Il ne ressemble pas beaucoup à Stannis avec ses airs de squelette renfrogné ni même au roi avec sa barbe hirsute et son ventre menaçant de faire craquer les coutures de son pourpoint. Les seuls points communs entre les trois, ce sont leurs cheveux et les yeux. Des cheveux noirs et des yeux bleus que Dickon partage aussi.

Il ne sait pas s'il veut ressembler à son père ou à ses oncles en grandissant. Son oncle Jon répète – répétait constamment que Dickon est né avec la silhouette Grayson, et le garçon prie tous les dieux dont il peut se rappeler – et il y en a, en plus des Nouveaux et des Anciens la troupe de Haly a visité plein de ports où les marchands de terres au-delà des mers discutaient de leurs propres dieux tous plus drôles les uns que les autres – pour que ce soit vrai, qu'il puisse garder au moins ça de Maman.

Tous les souvenirs qu'il aurait pu garder d'elle ont brûlé avec la roulotte. Si son corps pouvait juste conserver une trace d'elle, il prendra cette chance.

Bruce Barathéon n'est pas très bavard, mais il ne perd pas de temps. À peine il s'est présenté à Dickon qu'il l'emmène dans ses propres chambres, et il l'introduit à Timo – son second fils, le petit frère de Dickon qui l'observe la bouche grande ouverte et les yeux ronds sous sa frange sombre, à croire qu'il se trouve devant le tigre ou l'oliphant plutôt que devant un apprenti baladin aux habits rapiécés et au visage bouffi de larmes qui refusent d'arrêter de couler.

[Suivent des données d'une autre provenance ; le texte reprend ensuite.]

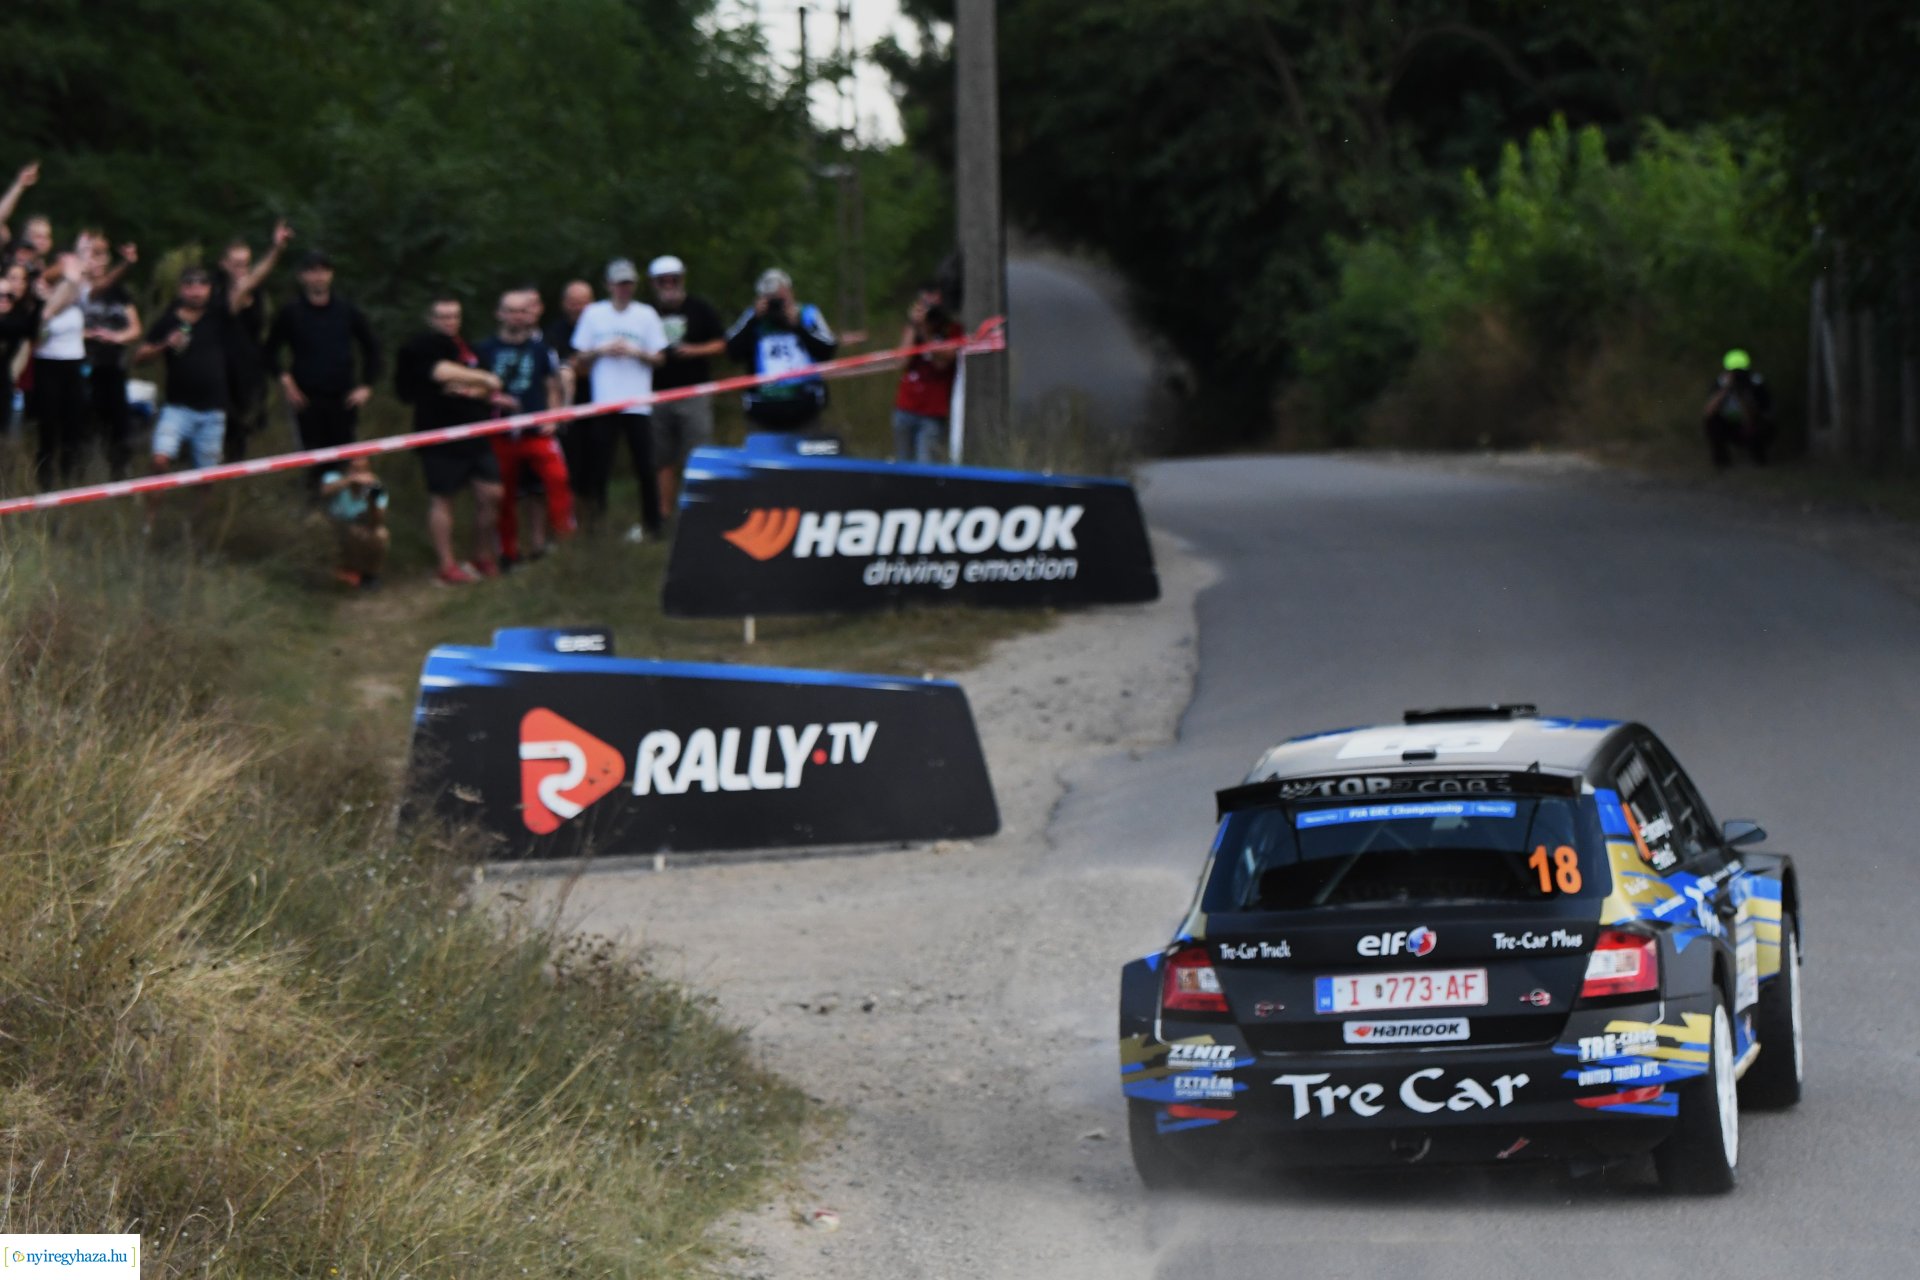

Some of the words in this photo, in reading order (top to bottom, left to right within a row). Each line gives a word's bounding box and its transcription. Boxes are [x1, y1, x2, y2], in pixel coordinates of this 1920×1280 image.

[863, 558, 960, 590] driving
[963, 556, 1078, 583] emotion
[1392, 803, 1464, 815] Championship
[1528, 844, 1582, 894] 18
[1259, 939, 1291, 958] Truck
[1356, 931, 1408, 957] elf
[1492, 931, 1549, 950] Tre-Car
[1551, 929, 1583, 948] Plus
[1168, 1044, 1236, 1059] ZENIT
[1271, 1072, 1386, 1120] Tre
[1399, 1067, 1531, 1114] Car

Timo ressemble à une poupée avec son petit gabarit, sa peau toute pâle et ses beaux habits – un jouet si cher et si fragile que c'est mieux de le poser sur une étagère et de l'admirer de loin plutôt que de risquer jouer avec. Dickon a presque peur de lui adresser la parole, mais ça n'arrête pas le garçon plus jeune, bien entendu.

« Est-ce que tu es mon grand frère ? Papa a dit que mon grand frère allait venir habiter chez nous à Accalmie, et tu es comme nous. »

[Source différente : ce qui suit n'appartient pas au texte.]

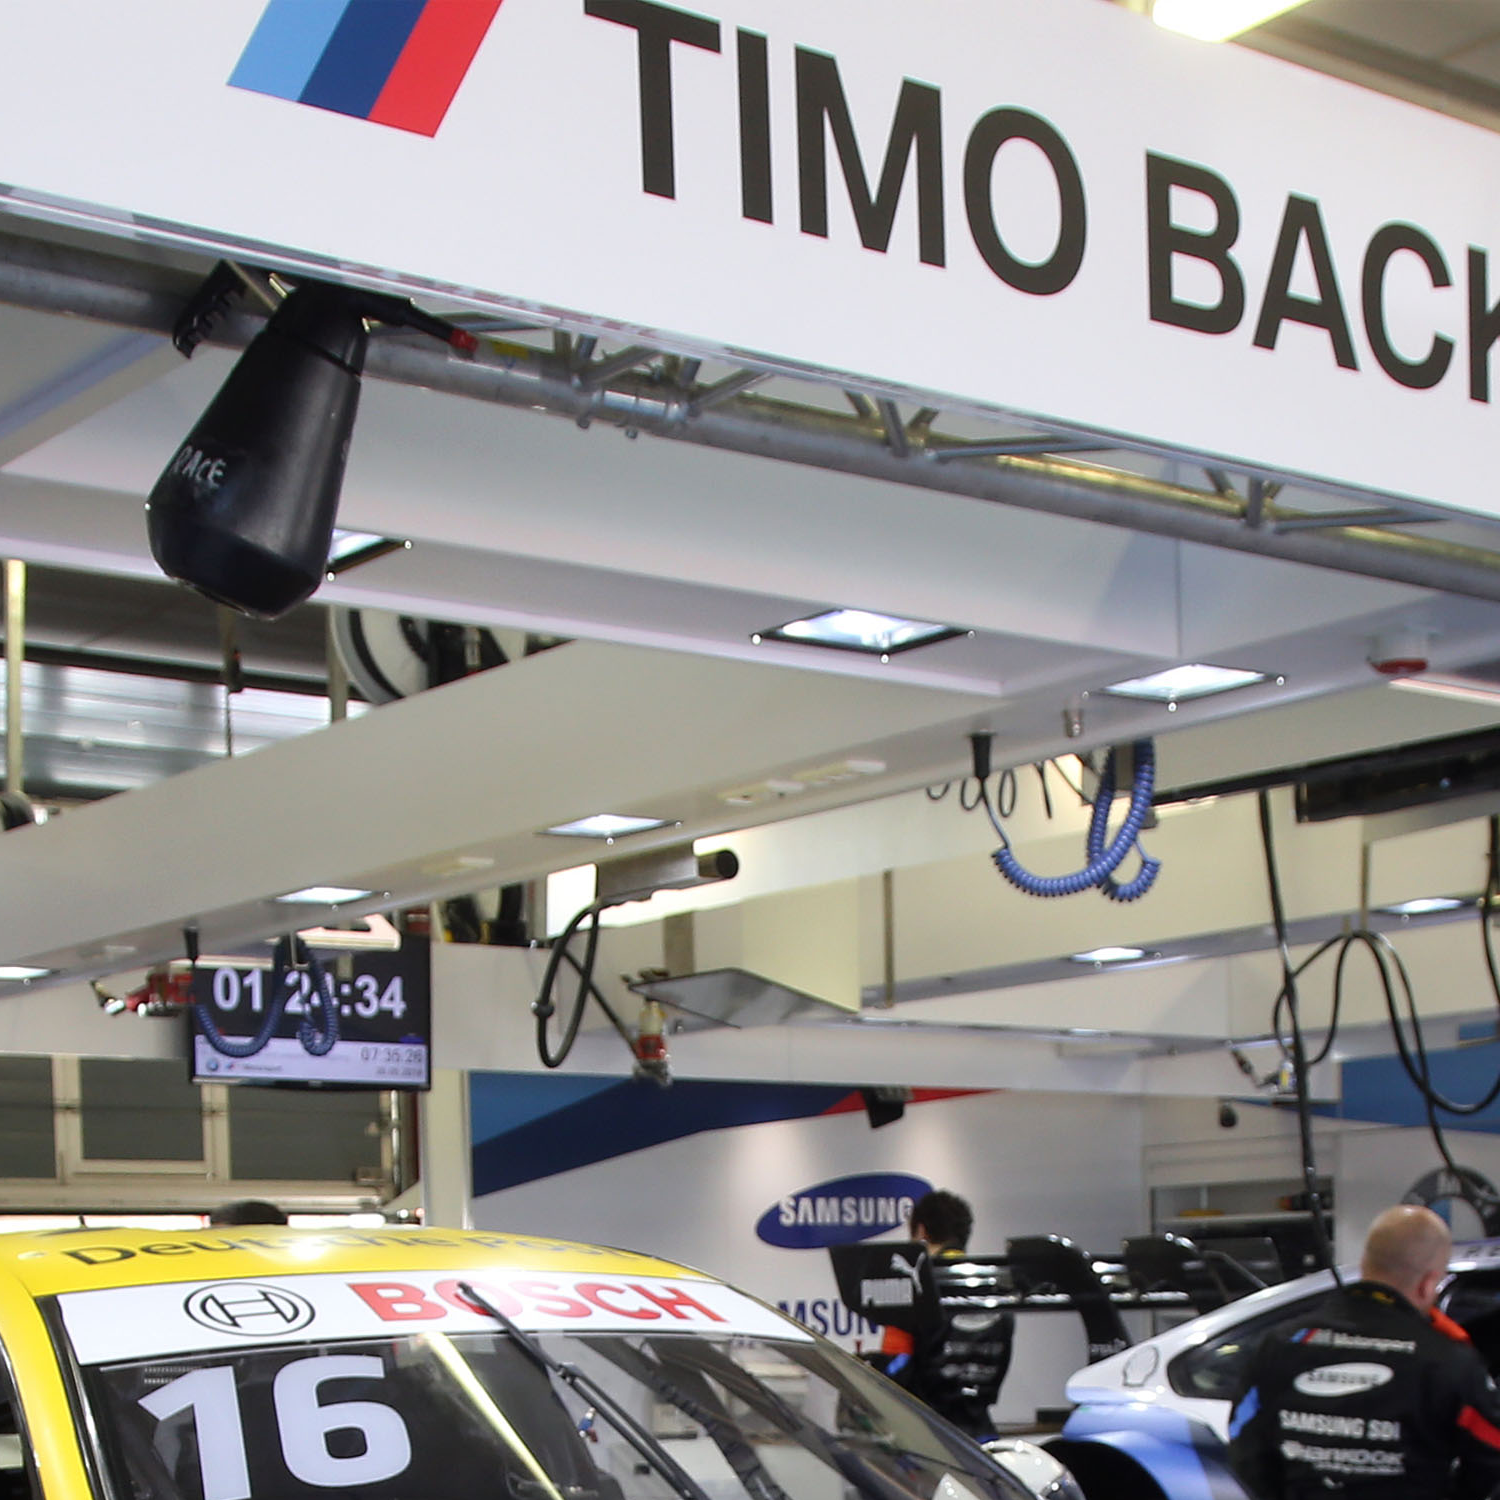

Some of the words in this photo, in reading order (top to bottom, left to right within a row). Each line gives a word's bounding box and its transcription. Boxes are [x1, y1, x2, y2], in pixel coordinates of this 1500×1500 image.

[582, 0, 1088, 297] TIMO
[778, 1196, 915, 1227] SAMSUNG
[347, 1280, 730, 1323] BOSCH
[1279, 1409, 1364, 1439] SAMSUNG
[1367, 1418, 1401, 1441] SDI

Dickon s'efforce de ravaler la boule coincée dans sa gorge et de sourire, un sourire assuré comme il en fait lors des représentations. Timo est juste un bébé, ce serait méchant de le faire pleurer ou paniquer.

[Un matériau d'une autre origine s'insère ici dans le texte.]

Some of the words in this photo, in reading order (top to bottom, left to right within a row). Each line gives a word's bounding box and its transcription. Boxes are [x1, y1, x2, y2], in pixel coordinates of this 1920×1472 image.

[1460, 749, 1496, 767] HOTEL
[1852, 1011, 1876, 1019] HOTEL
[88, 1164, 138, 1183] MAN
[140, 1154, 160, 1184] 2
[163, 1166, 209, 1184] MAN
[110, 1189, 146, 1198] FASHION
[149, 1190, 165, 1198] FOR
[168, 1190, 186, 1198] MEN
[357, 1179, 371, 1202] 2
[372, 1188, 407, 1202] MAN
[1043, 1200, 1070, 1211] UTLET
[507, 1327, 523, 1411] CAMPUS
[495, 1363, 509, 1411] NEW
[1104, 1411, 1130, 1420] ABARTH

« Je suis ça, oui » déclare-t-il, une crampe sous le nombril alors qu'il dit les mots.

Tout à coup, Timo rosit jusqu'au bout des oreilles et baisse la tête, permettant au garçon plus âgé de voir que ses mèches noires rebiquent un peu sur sa nuque.

« Est-ce que tu va m'embêter ? Parce que Arianne n'arrête pas d'embêter ses cousines, et ce sont des cousines et pas des sœurs, mais elle dit que c'est presque pareil et que les grands sont obligés d'embêter les petits... »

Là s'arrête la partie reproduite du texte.